-- Task directions --
Copy each record exactly and skip its pictures.

*** Block opens ***

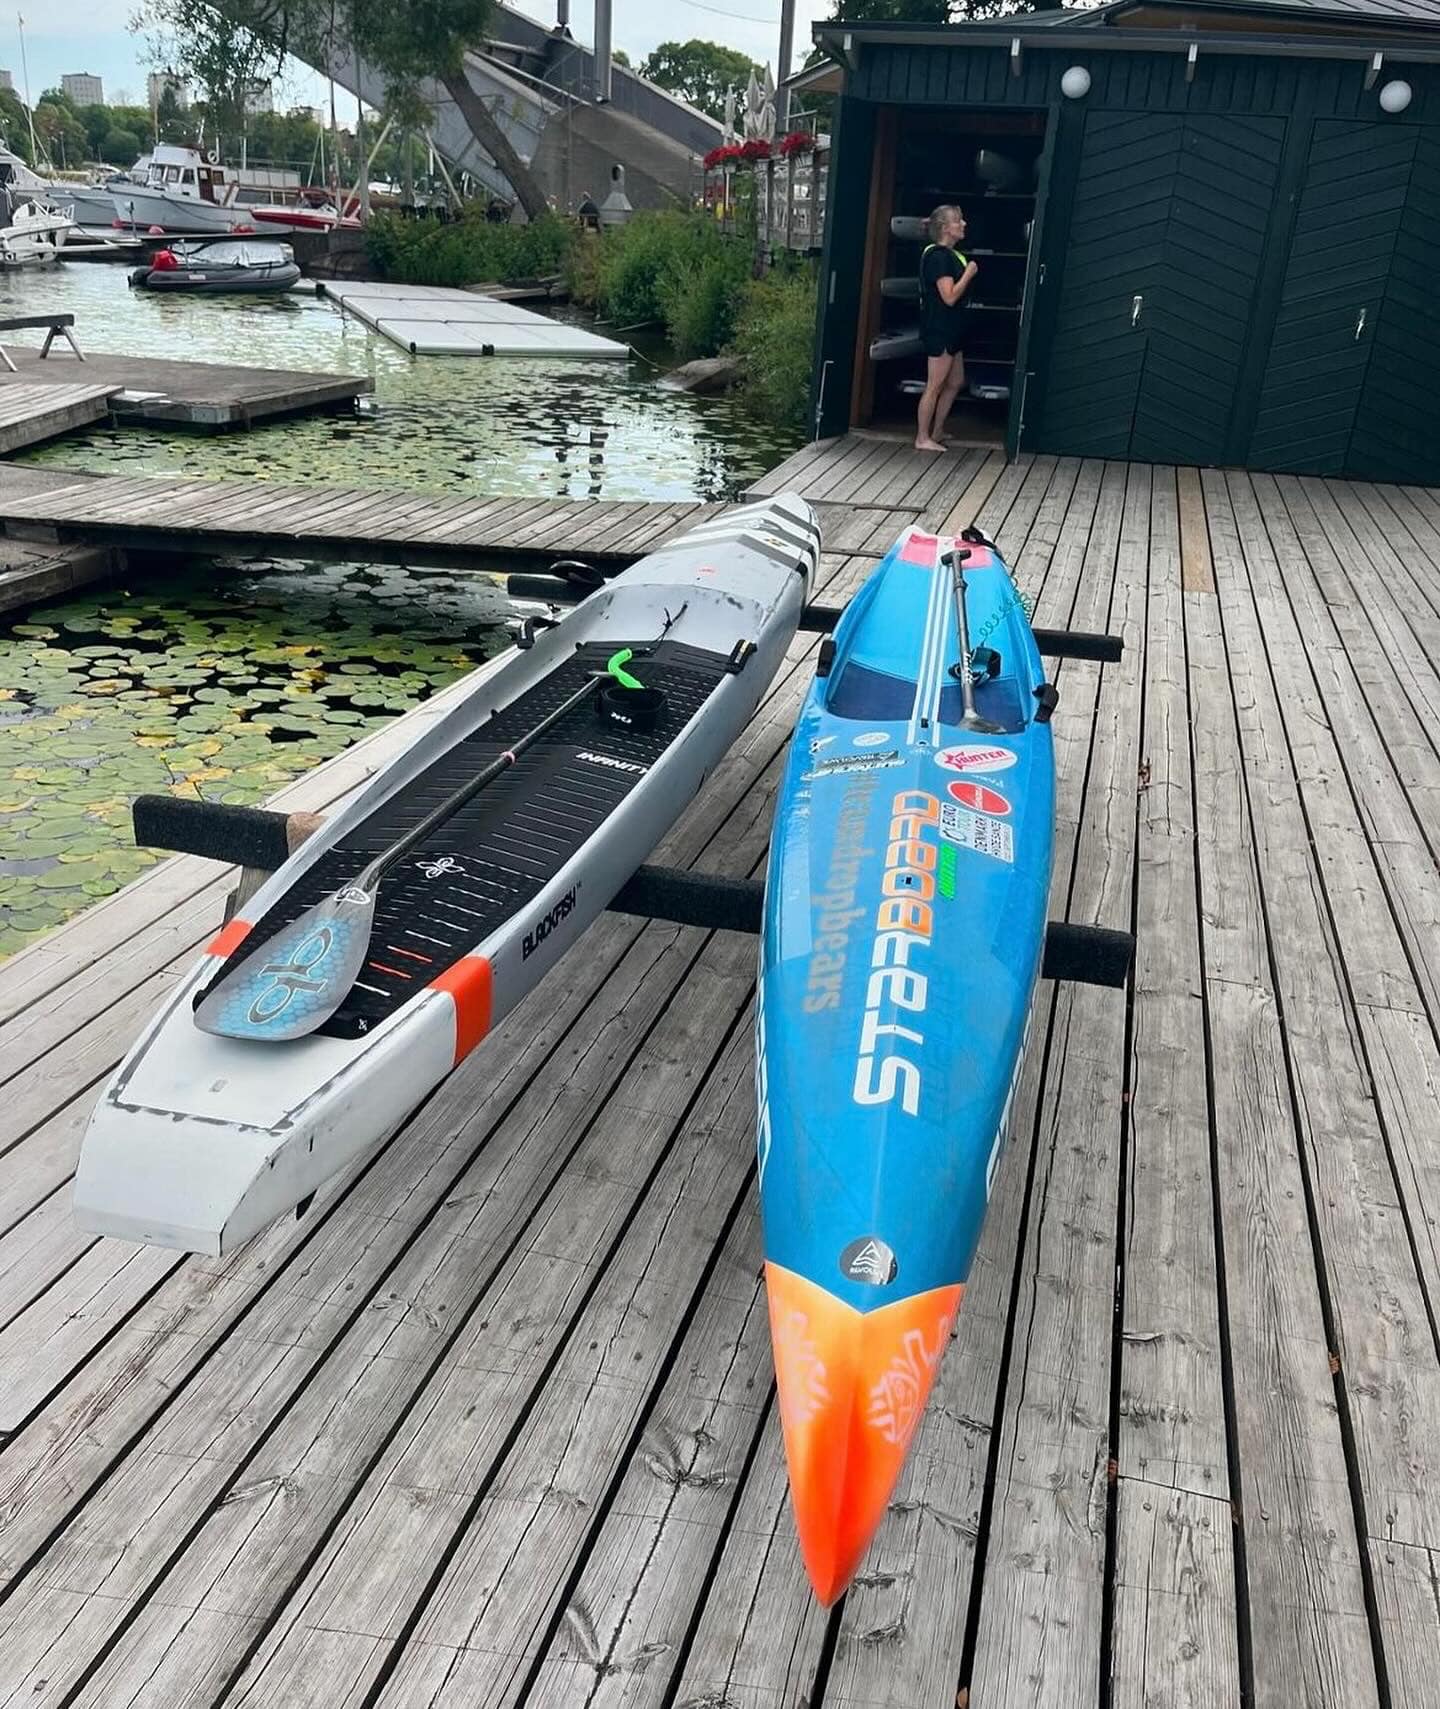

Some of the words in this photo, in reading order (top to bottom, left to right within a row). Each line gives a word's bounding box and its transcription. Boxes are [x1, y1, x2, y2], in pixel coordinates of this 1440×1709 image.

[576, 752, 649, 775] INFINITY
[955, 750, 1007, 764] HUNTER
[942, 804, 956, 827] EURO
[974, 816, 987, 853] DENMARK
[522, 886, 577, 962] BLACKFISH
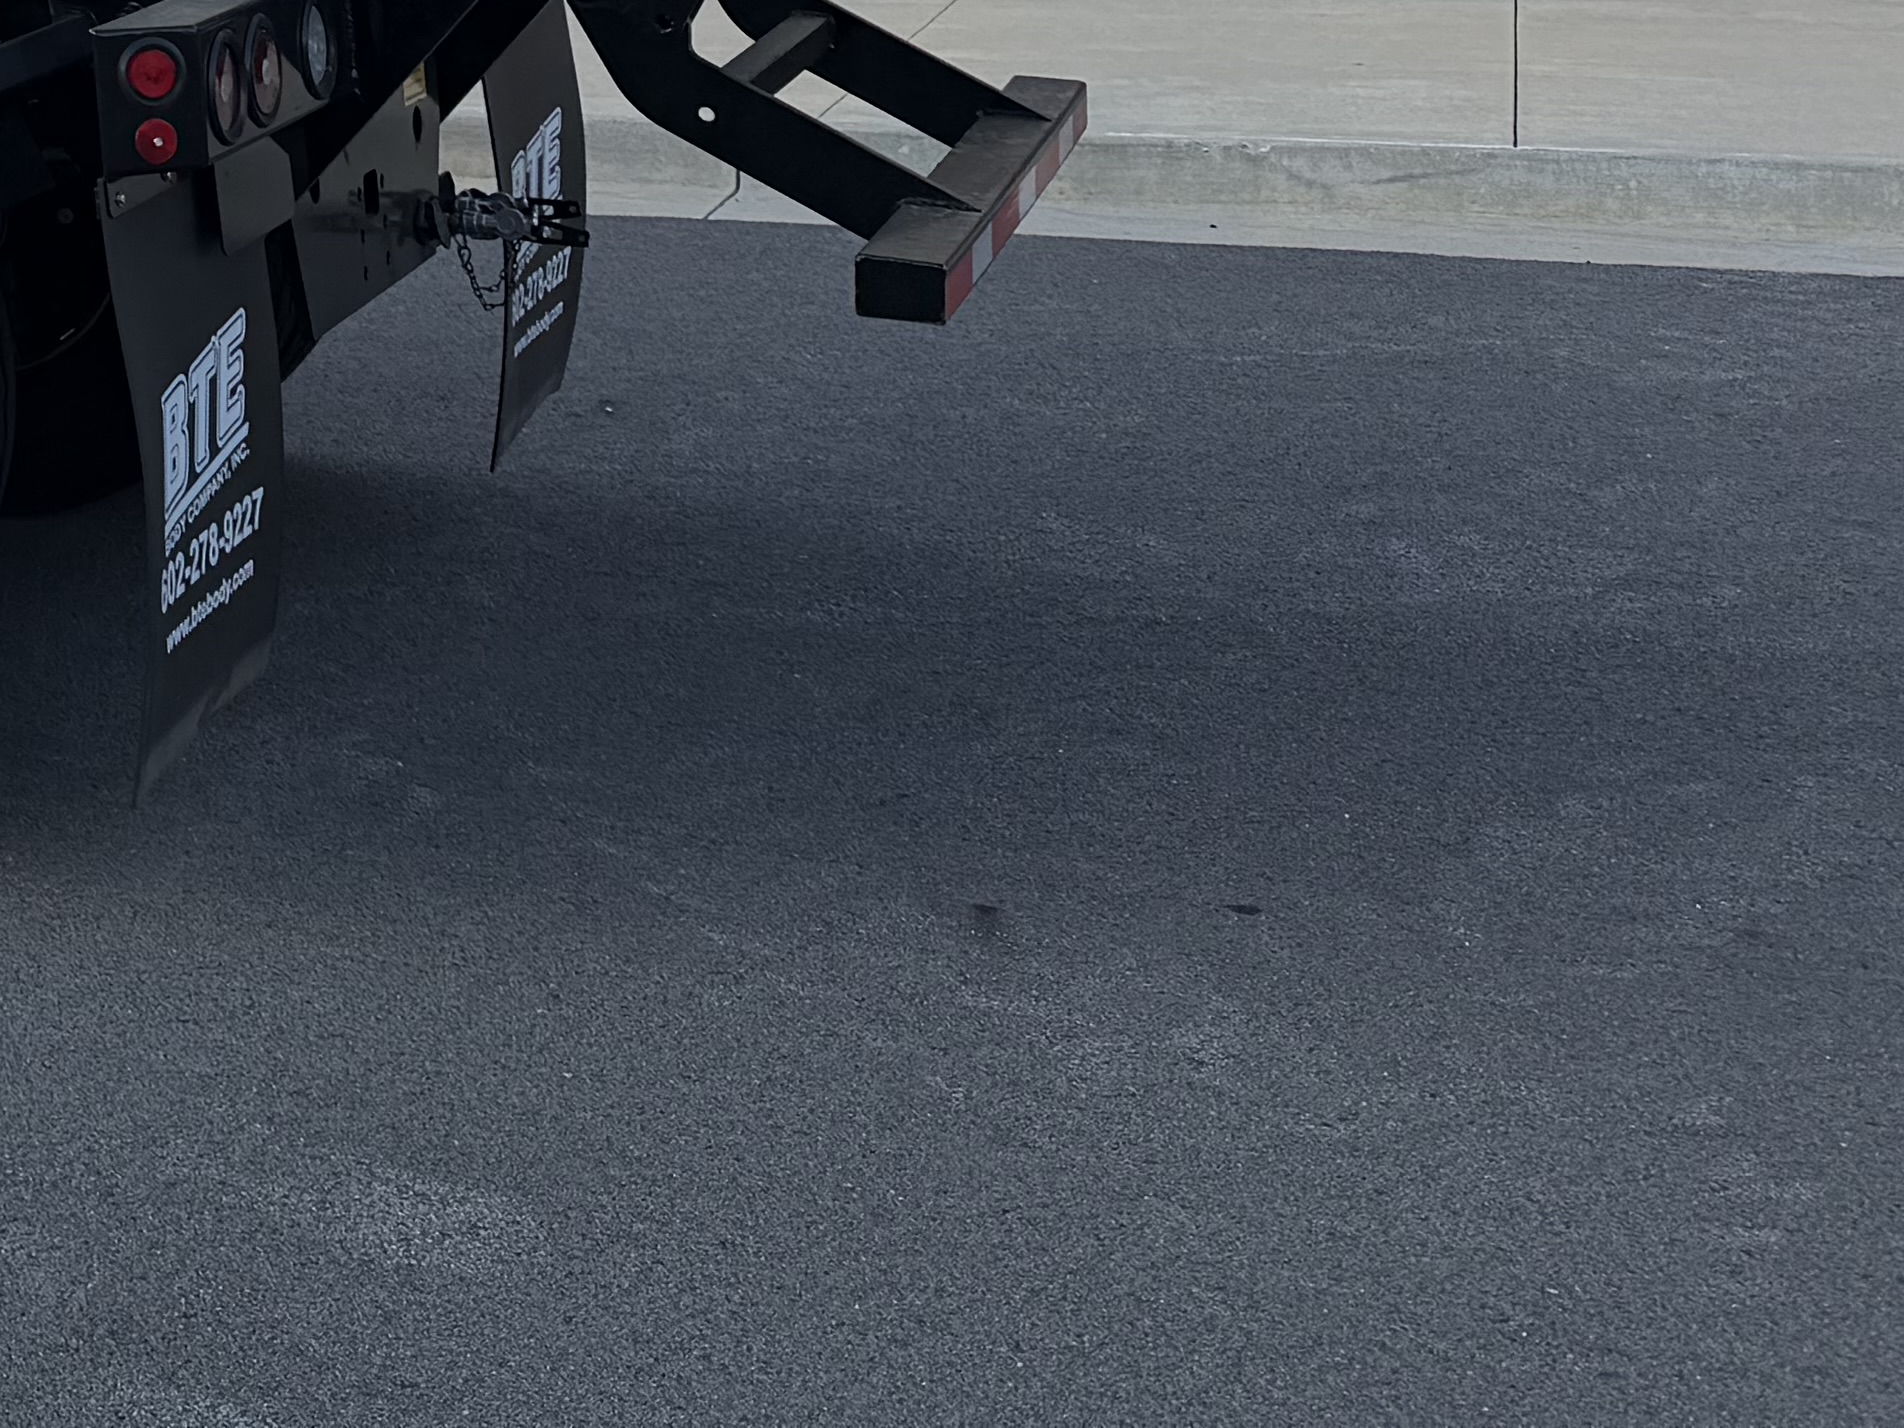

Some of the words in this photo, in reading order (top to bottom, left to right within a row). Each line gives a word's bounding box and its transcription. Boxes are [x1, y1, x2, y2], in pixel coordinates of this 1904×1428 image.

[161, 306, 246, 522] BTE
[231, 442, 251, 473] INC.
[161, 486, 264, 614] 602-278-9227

*** Block closes ***

-- Solution to the exercise --
Some of the words in this photo, in reading order (top to bottom, left to right within a row). Each line gives a word's bounding box and its transcription. Boxes are [x1, y1, x2, y2], in pixel coordinates of this 1440×1709 image.

[576, 752, 649, 775] INFINITY
[955, 750, 1007, 764] HUNTER
[942, 804, 956, 827] EURO
[974, 816, 987, 853] DENMARK
[522, 886, 577, 962] BLACKFISH

Some of the words in this photo, in reading order (top to bottom, left to right within a row). Each line gives a word's bounding box and its transcription. Boxes are [x1, y1, x2, y2], in pixel coordinates of this 1904×1428 image.

[161, 306, 246, 522] BTE
[231, 442, 251, 473] INC.
[161, 486, 264, 614] 602-278-9227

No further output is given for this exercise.